Assigned task:
A faithful copy is needed. Set down all of the data below exactly.

Data provided:

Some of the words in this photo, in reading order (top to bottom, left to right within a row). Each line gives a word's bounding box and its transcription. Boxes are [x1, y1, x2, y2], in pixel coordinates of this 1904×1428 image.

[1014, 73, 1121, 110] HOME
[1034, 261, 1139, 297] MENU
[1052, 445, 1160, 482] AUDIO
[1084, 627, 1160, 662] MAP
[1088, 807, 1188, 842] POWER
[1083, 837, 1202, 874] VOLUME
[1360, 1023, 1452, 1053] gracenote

Exercise response:
Some of the words in this photo, in reading order (top to bottom, left to right within a row). Each line gives a word's bounding box and its transcription. Boxes are [x1, y1, x2, y2], in pixel coordinates of this 1904×1428 image.

[1014, 73, 1121, 110] HOME
[1034, 261, 1139, 297] MENU
[1052, 445, 1160, 482] AUDIO
[1084, 627, 1160, 662] MAP
[1088, 807, 1188, 842] POWER
[1083, 837, 1202, 874] VOLUME
[1360, 1023, 1452, 1053] gracenote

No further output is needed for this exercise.